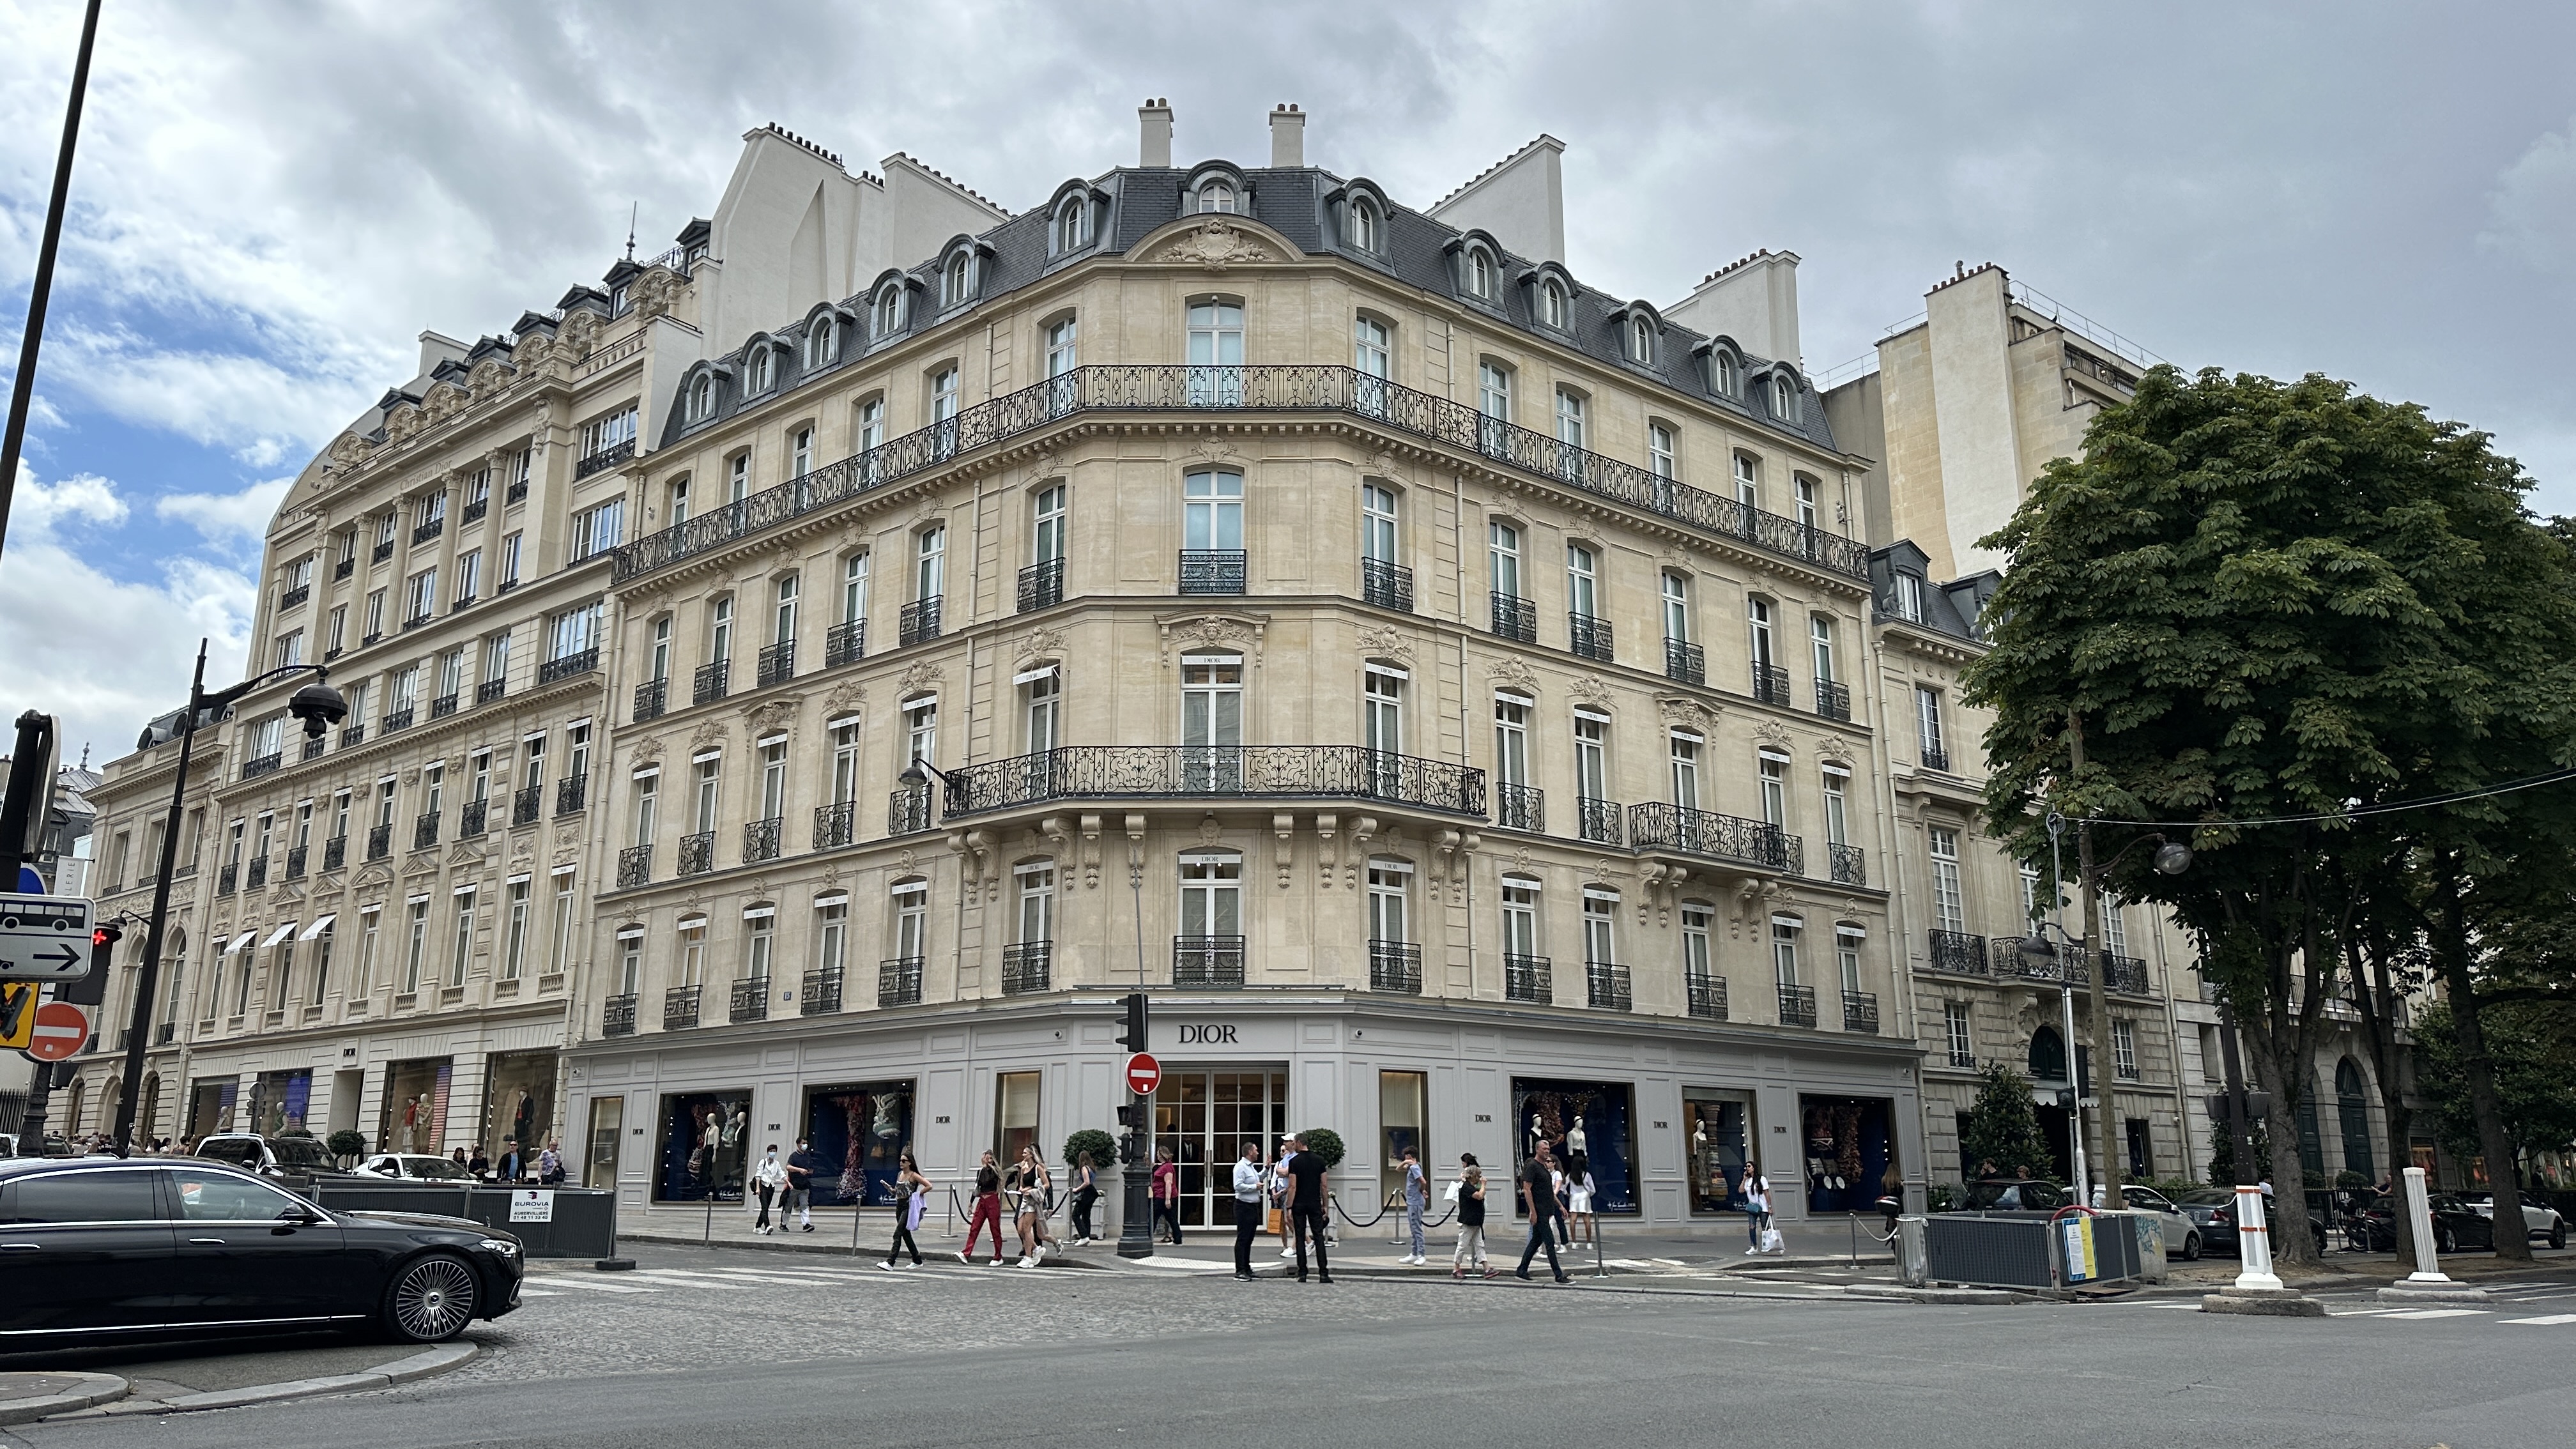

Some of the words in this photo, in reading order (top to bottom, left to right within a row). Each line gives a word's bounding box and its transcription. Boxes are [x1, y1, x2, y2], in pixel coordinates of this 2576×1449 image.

[400, 470, 433, 491] Christian
[435, 460, 452, 473] Dior
[1179, 1025, 1238, 1043] DIOR
[343, 1048, 356, 1057] DIOR
[935, 1116, 951, 1124] DIOR
[1475, 1114, 1492, 1123] DIOR
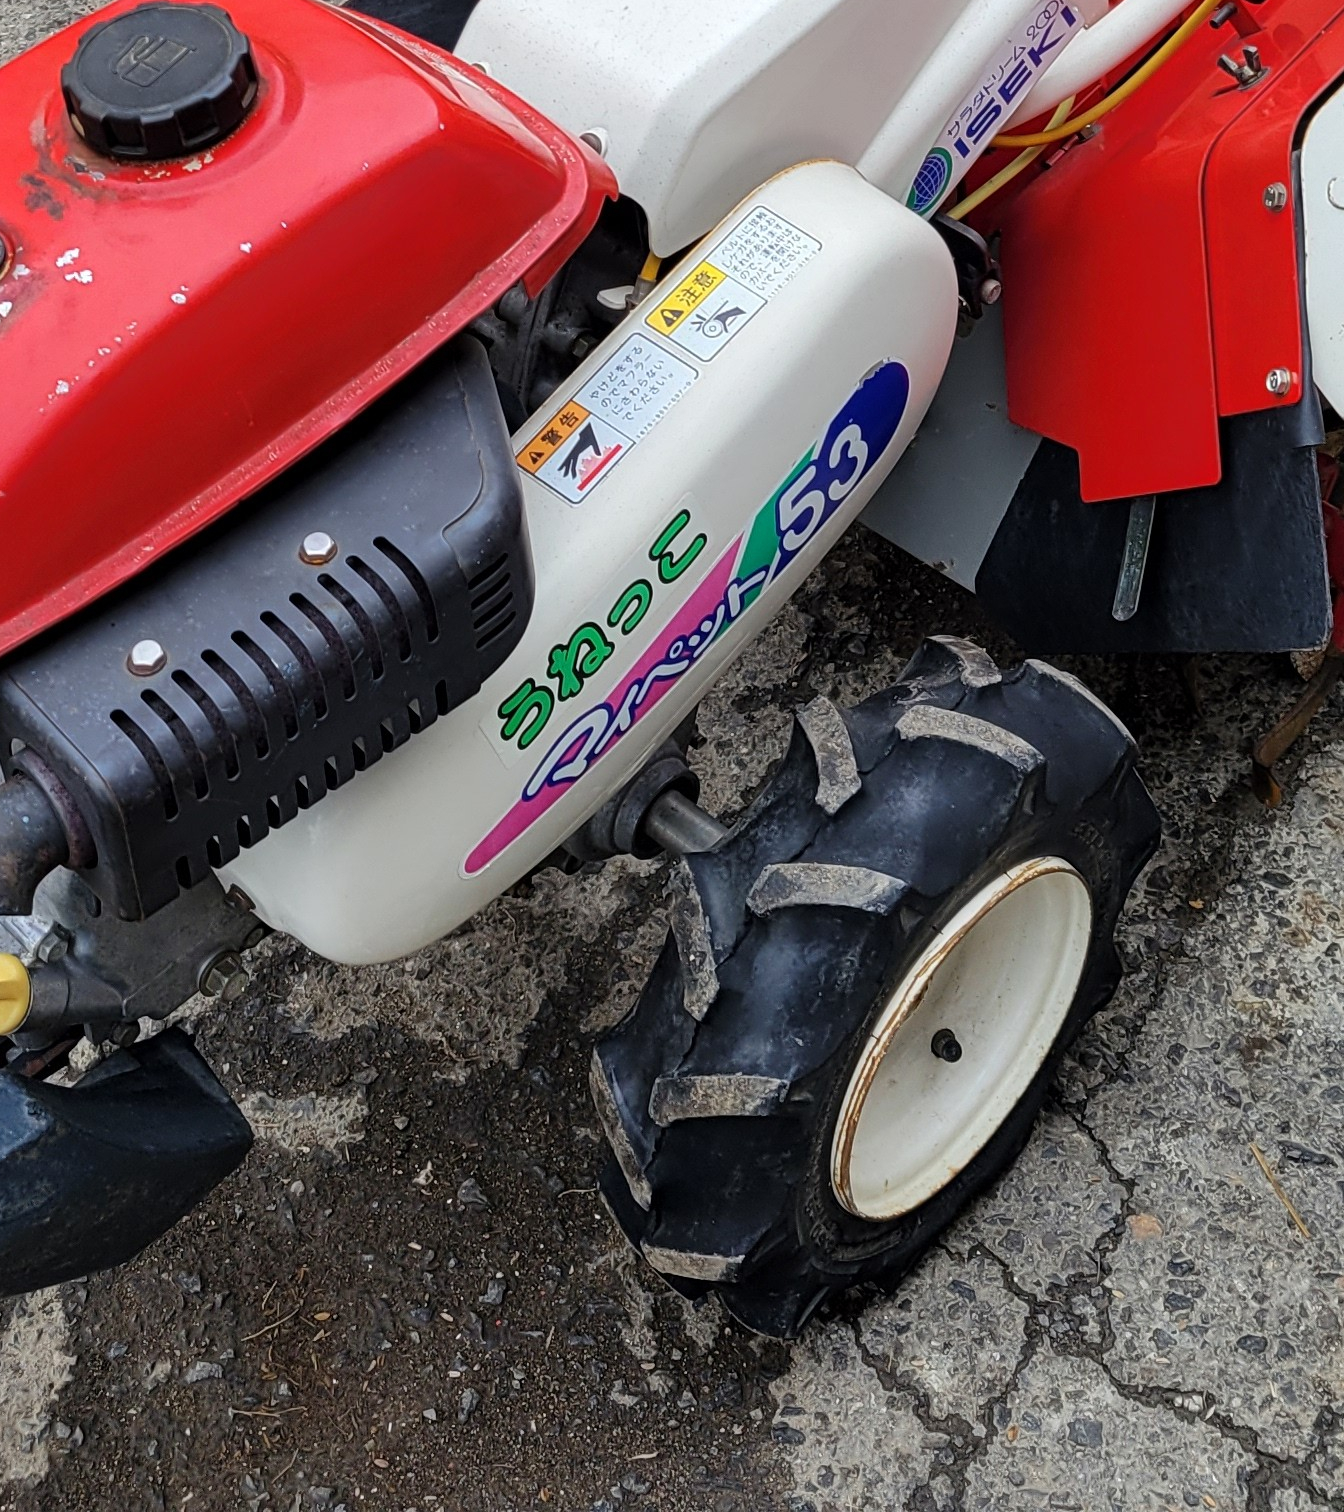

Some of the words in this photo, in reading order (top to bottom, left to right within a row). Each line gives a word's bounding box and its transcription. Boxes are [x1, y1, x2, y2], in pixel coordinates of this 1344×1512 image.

[947, 46, 1026, 138] サラダドリーム
[954, 6, 1076, 158] ISEKI
[676, 271, 716, 306] 注意
[589, 347, 642, 398] やけどをする
[601, 355, 651, 407] のでマフラー
[612, 361, 664, 415] にさわらない
[622, 374, 673, 420] でください。
[541, 412, 579, 446] 警告
[498, 509, 707, 750] うねっこ
[522, 567, 769, 800] マイペット
[776, 424, 868, 552] 53
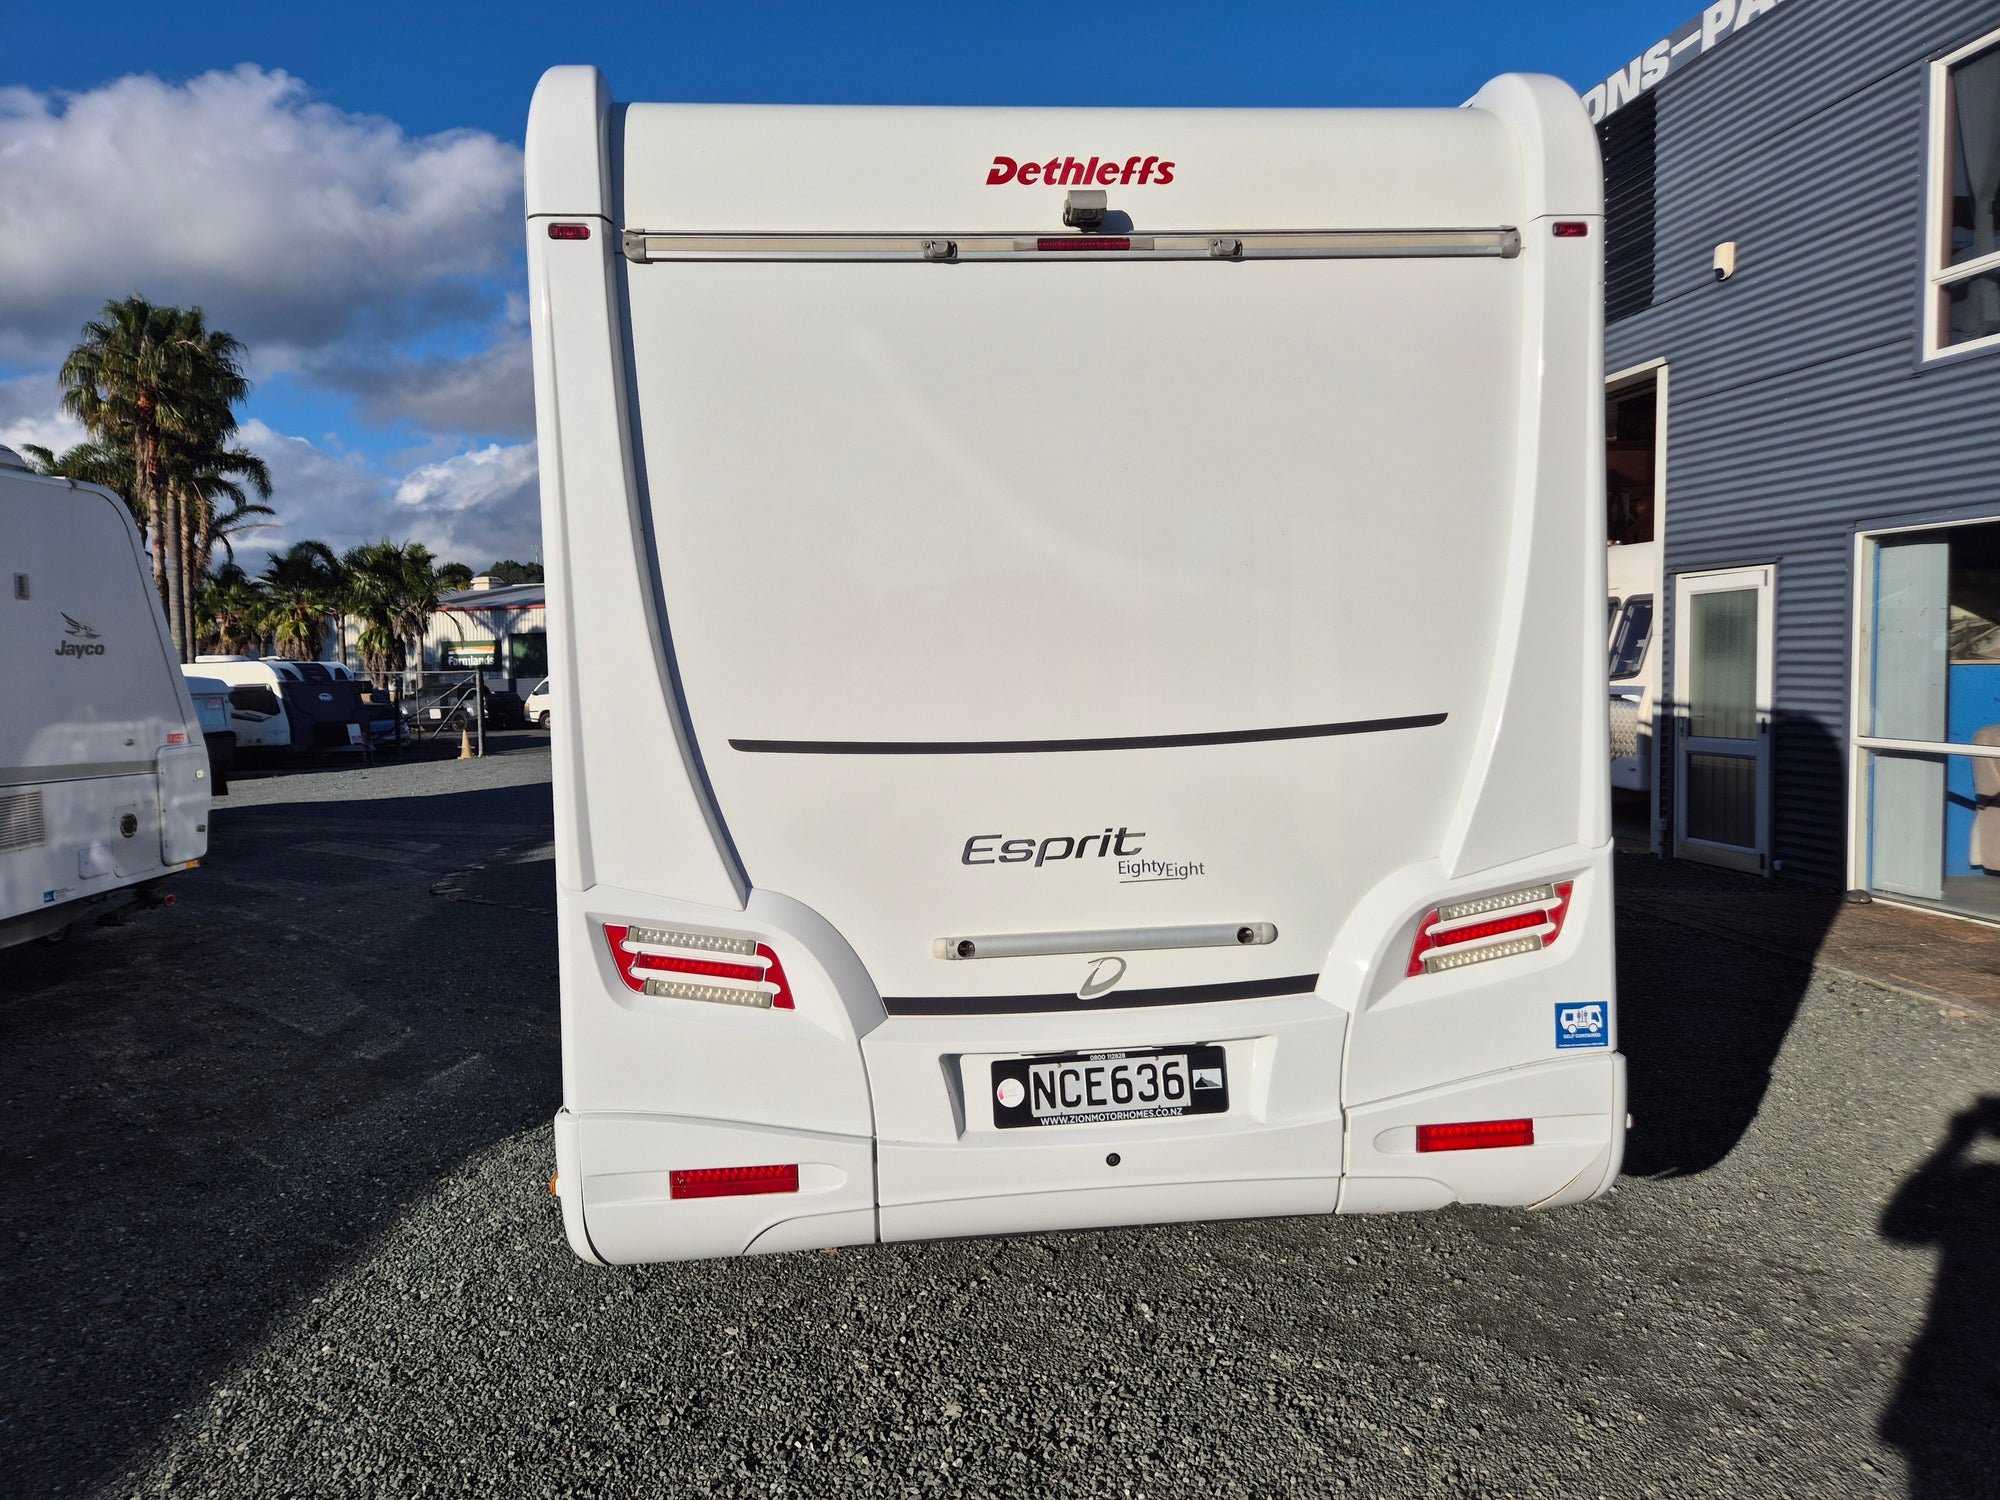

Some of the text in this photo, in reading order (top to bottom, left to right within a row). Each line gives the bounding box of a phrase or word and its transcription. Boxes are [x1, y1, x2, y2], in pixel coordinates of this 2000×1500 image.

[986, 156, 1176, 186] Dethleffs
[55, 640, 104, 659] Jayco
[448, 655, 495, 666] Farmlands
[961, 827, 1146, 868] Esprit
[1033, 1061, 1185, 1110] NCE636
[1040, 1107, 1183, 1126] WWW.ZIONMOTORHOMES.CO.NZ

[About this task] From the first record to the last, transcribe everything exactly but drop the pictures.

[Answer space]
Some of the words in this photo, in reading order (top to bottom, left to right within a row). Each line gives a word's bounding box and its transcription. Boxes are [x1, y1, x2, y2], in pixel coordinates of this 2576×1449 image.

[400, 470, 433, 491] Christian
[435, 460, 452, 473] Dior
[1179, 1025, 1238, 1043] DIOR
[343, 1048, 356, 1057] DIOR
[935, 1116, 951, 1124] DIOR
[1475, 1114, 1492, 1123] DIOR

Some of the words in this photo, in reading order (top to bottom, left to right within a row). Each line gives a word's bounding box and its transcription. Boxes are [x1, y1, x2, y2], in pixel coordinates of this 1344×1512 image.

[947, 46, 1026, 138] サラダドリーム
[954, 6, 1076, 158] ISEKI
[676, 271, 716, 306] 注意
[589, 347, 642, 398] やけどをする
[601, 355, 651, 407] のでマフラー
[612, 361, 664, 415] にさわらない
[622, 374, 673, 420] でください。
[541, 412, 579, 446] 警告
[498, 509, 707, 750] うねっこ
[522, 567, 769, 800] マイペット
[776, 424, 868, 552] 53

Some of the text in this photo, in reading order (top to bottom, left to right within a row). Each line gives the bounding box of a phrase or word and its transcription. Boxes are [x1, y1, x2, y2], in pixel coordinates of this 2000×1500 image.

[986, 156, 1176, 186] Dethleffs
[55, 640, 104, 659] Jayco
[448, 655, 495, 666] Farmlands
[961, 827, 1146, 868] Esprit
[1033, 1061, 1185, 1110] NCE636
[1040, 1107, 1183, 1126] WWW.ZIONMOTORHOMES.CO.NZ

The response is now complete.